A magia nos ajudou em pandemias antes e pode novamente
Por Matthew Melvin-Koushki
Os humanos freqüentemente parecem reagir irracionalmente diante da doença, como mostrou a pandemia COVID-19. Muitos se apegam à religião ou se tornam supersticiosos. Outros se tornam fatalistas. Em tempos de peste e trauma, nós, modernos, procuramos nos proteger com orações, amuletos, sigilos e feitiços tanto quanto qualquer camponês medieval. O fato de uma máscara cirúrgica ser higiênica não a torna menos um símbolo mágico.
Mas talvez a magia – particularmente a magia da peste – não seja tão irracional. Os humanos sempre buscaram as artes ocultas porque elas realmente funcionam, pelo menos às vezes?
Apesar da história muitas vezes encharcada de sangue do uso do termo “magia”, devemos lembrar que a história ocidental está repleta de pensadores que defenderam sua honra como boa ciência natural – uma tecnologia testada e comprovada para aproveitar as interações entre mentes e corpos, humanos e outros. E suas afirmações empíricas nunca foram testadas mais do que durante os séculos de peste.
A peste negra matou mais de 200 milhões
Durante o milênio anterior, o maior boom na prática da magia coincidiu com a Peste Negra em meados do século XIV. Foi a pandemia mais mortal da história humana, matando até metade da população da Ásia, África e Europa – cerca de 200 milhões de almas. Isso causou grandes transformações sociais e políticas no processo: escravos, invasores e místicos tornaram-se reis, e novos impérios foram fundados nas previsões do fim dos tempos. A peste não é apenas uma maldição medieval; a bactéria responsável, Yersinia pestis, ainda está entre nós, geneticamente inalterada.
O mundo islâmico, minha própria área de foco como historiador da ciência e do império, foi atingido de maneira particularmente dura pela praga – chamada ta’un em árabe, que significa “destruidor”. Lá, ajudou a dar origem ao que chamo de “revolução científica oculta”, onde várias ciências ocultas – astrologia, alquimia, cabala, geomancia, interpretação de sonhos – se tornaram uma base importante para o império mais do que nunca. A capacidade de prever o futuro com adivinhação e, em seguida, mudá-lo com magia era de óbvio interesse político, militar e econômico, e estava associada a Alexandre o Grande em particular. A Europa Ocidental viu um surto paralelo de ocultismo – grande parte dele de fontes árabes – que agora chamamos de Renascimento. A revolução científica que se seguiu continuou a mesma tendência: os historiadores agora admitem que santos da ciência como Johannes Kepler, Francis Bacon, Robert Boyle e Isaac Newton eram igualmente ocultistas delirantes.
O império otomano tentou expurgos físicos e morais
A medicina também era frequentemente classificada e praticada como ciência oculta entre os médicos pré-modernos muçulmanos, judeus e cristãos. Muitos o consideraram irmã da alquimia, ambas as ciências sendo baseadas no aproveitamento de correspondências cósmicas e simpatias naturais para restaurar o equilíbrio elementar no corpo humano – a definição de saúde. As técnicas de extensão da vida também foram fundamentais para a busca alquímica. Os enormes desequilíbrios físicos e sociopolíticos provocados pela peste foram respondidos por um surto de medicina, oculta ou não.
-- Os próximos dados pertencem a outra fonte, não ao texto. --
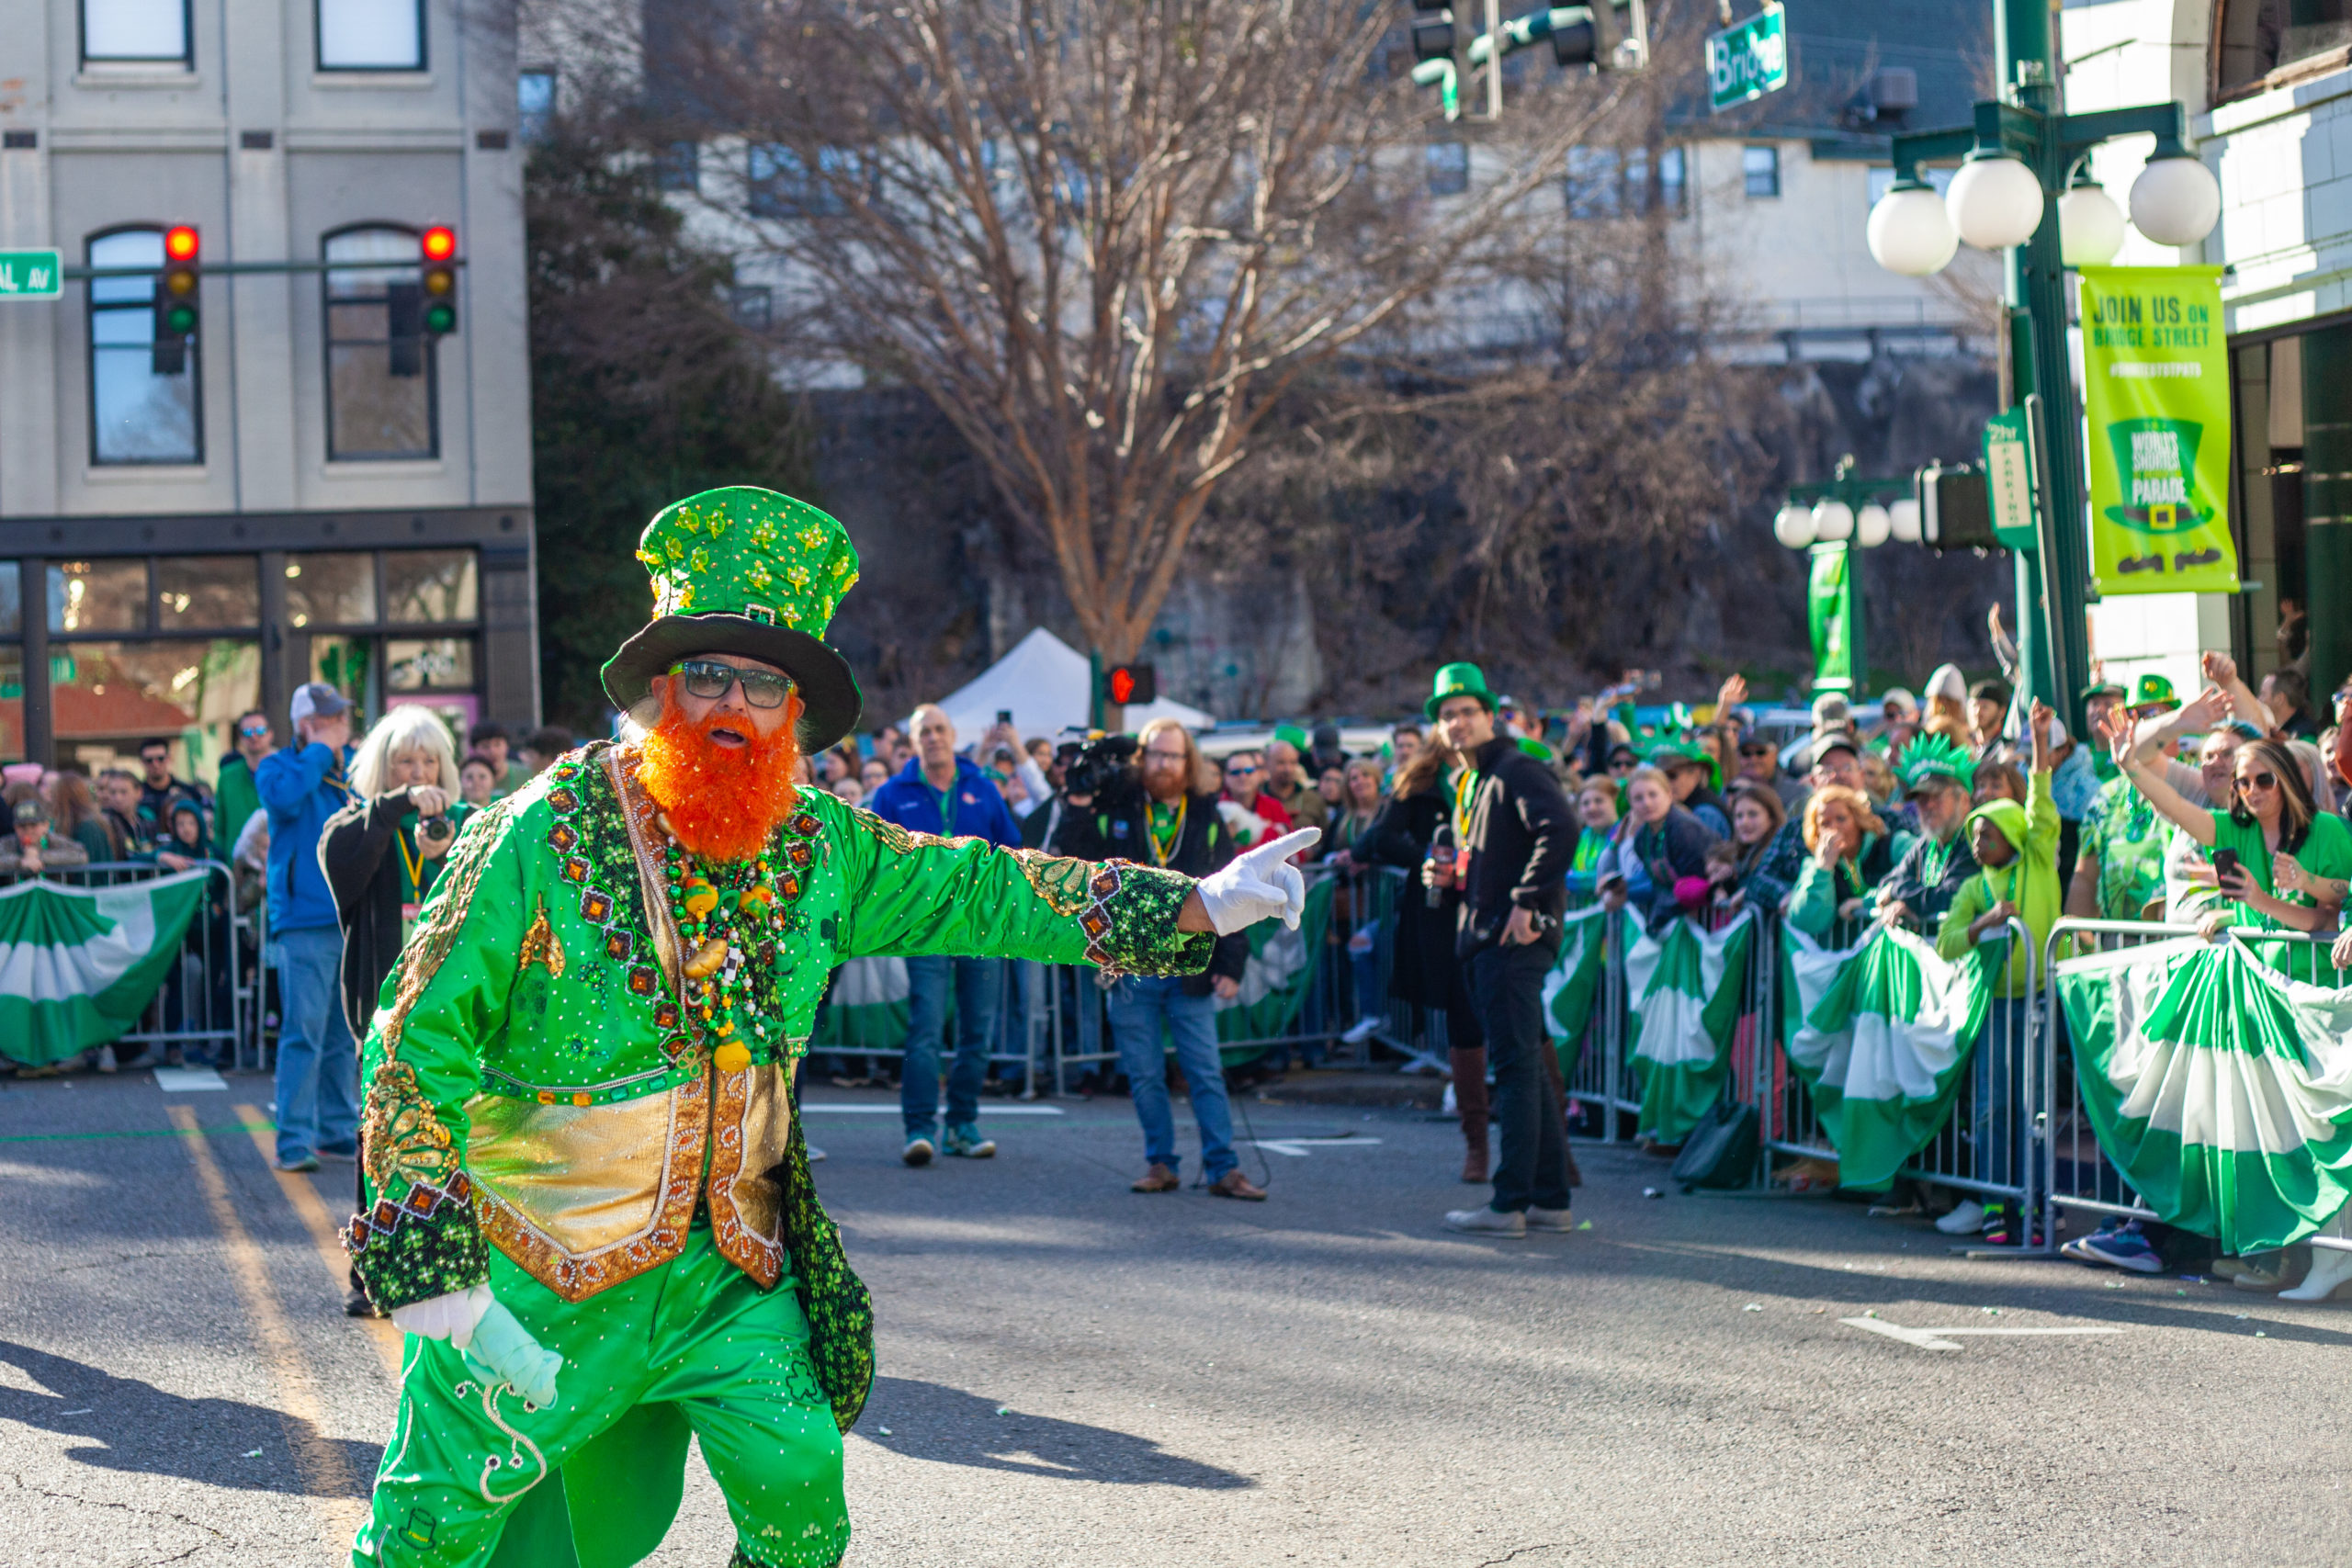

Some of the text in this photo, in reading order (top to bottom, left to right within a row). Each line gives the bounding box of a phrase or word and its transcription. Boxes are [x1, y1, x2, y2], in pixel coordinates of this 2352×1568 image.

[28, 267, 51, 289] AV
[2094, 296, 2209, 324] JOIN US ON
[2094, 326, 2210, 348] BRIDGE STREET
[2132, 477, 2188, 506] PARADE
O Império Otomano é um excelente exemplo dessa transformação sociobiológica. Ele controlou áreas cada vez maiores da Ásia, Europa e Norte da África entre os séculos 14 e 20, e a praga persistiu lá por toda a sua duração. Em nome da saúde pública, o estado otomano procurou expurgar as cidades de contaminantes físicos e morais, incluindo prostitutas, mendigos, imigrantes ilegais, criminosos, solteiras e solteiros. Embora não tenhamos ido tão longe a ponto de proibir o celibato, o efeito de nossa própria pandemia é comparável: 2020 e 2021 também viram uma intensificação do controle do estado. Não muito diferente de suas contrapartes modernas em epidemiologia e saúde pública, os autores dos mais importantes tratados sobre a peste otomana foram importantes estudiosos que se esforçaram para combater essa ameaça existencial ao Estado e à sociedade. Eles apresentavam a peste como um problema social, uma doença do corpo político, tanto quanto um problema ambiental. Ao contrário dos especialistas de hoje, no entanto, seus manuais eram muitas vezes enfaticamente mágicos.
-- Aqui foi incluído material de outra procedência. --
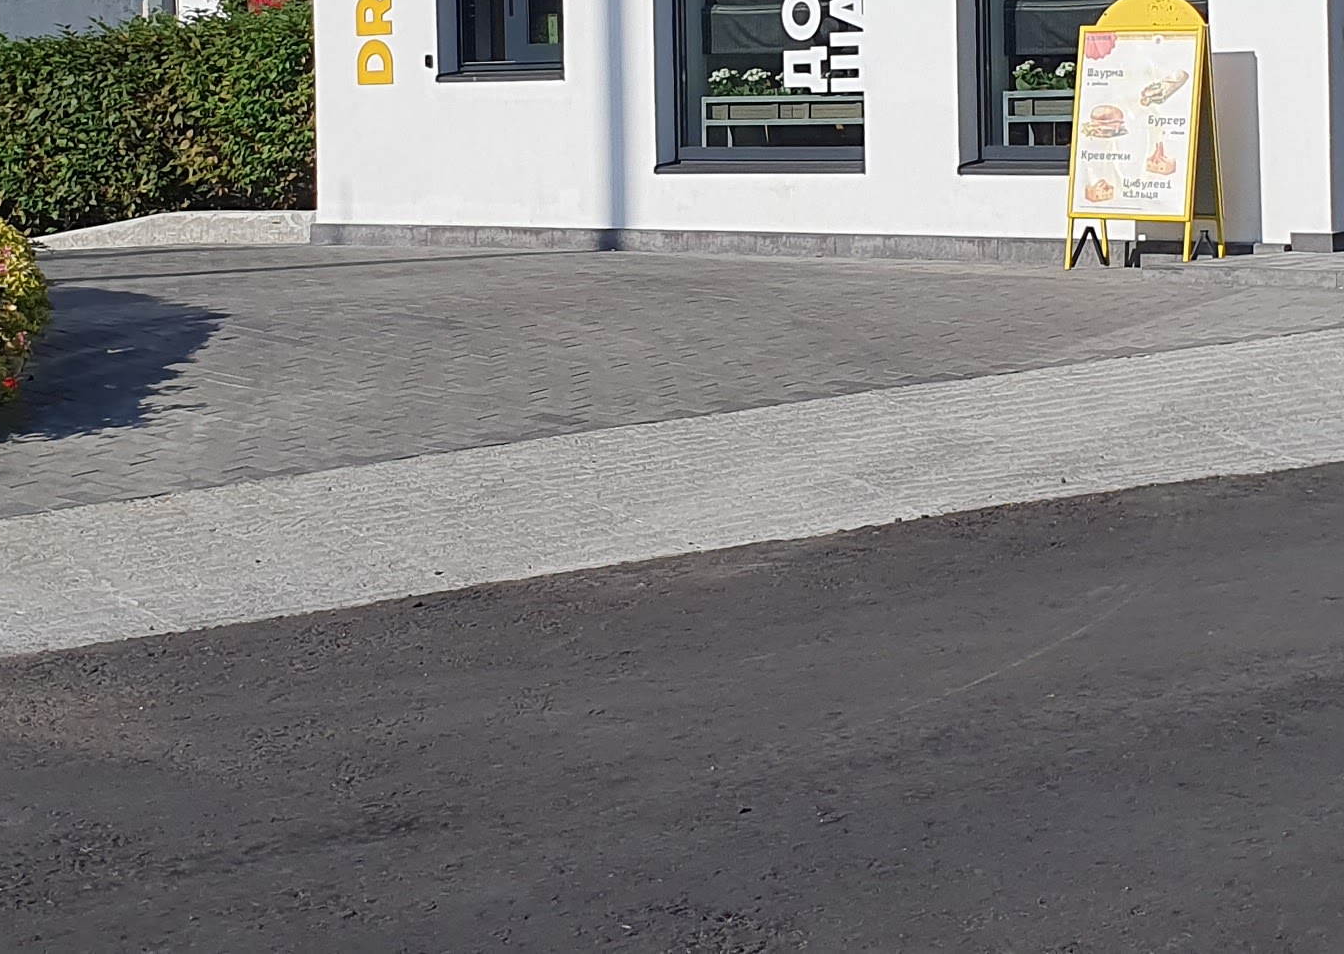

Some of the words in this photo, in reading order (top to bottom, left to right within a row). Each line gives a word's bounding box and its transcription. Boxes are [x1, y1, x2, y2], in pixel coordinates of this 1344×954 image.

[1087, 68, 1124, 80] Шаурма
[1147, 115, 1186, 127] Бургер
[1081, 150, 1131, 162] Креветки
[1123, 178, 1172, 189] Цибулеві
[1122, 190, 1159, 200] кільця
O mais sofisticado e extenso desses manuais foi o Tratado sobre Cura de Doenças Epidêmicas, de Taşköprizade Ahmed (1495-1561). Como juiz imperial em Bursa e depois em Istambul, bem como famoso enciclopedista, historiador e astrônomo, a abordagem de Taşköprizade a este tópico foi muito avançada. Sua obra-prima árabe lida com toda a gama de respostas legais, éticas, religiosas e especialmente médicas à peste atual no século 16, com ênfase em métodos experimentalmente comprovados.
Houve negação da peste negra
Taşköprizade primeiro oferece um forte argumento a favor de respostas racionais à peste: obviamente, deve-se evitar ou fugir das áreas afetadas pela peste, se possível. Aqui, ele contesta os tratados árabes anteriores sobre a peste que negavam a contagiosidade da doença e contestavam a permissibilidade legal de fugir dela. Ele também condena a atitude fatalista de alguns de seus contemporâneos, destacando os místicos para escárnio. O procedimento correto é ter fé em Deus – então proteja a si mesmo e aos outros, de preferência medicamente. Taşköprizade então categoriza a medicina contra a peste como sendo física ou espiritual. O primeiro tipo inclui produtos farmacêuticos padrão derivados de plantas, animais ou minerais; o segundo inclui orações do Alcorão e invocações de nomes divinos, planetas, anjos ou gênios por meio de talismãs matemáticos.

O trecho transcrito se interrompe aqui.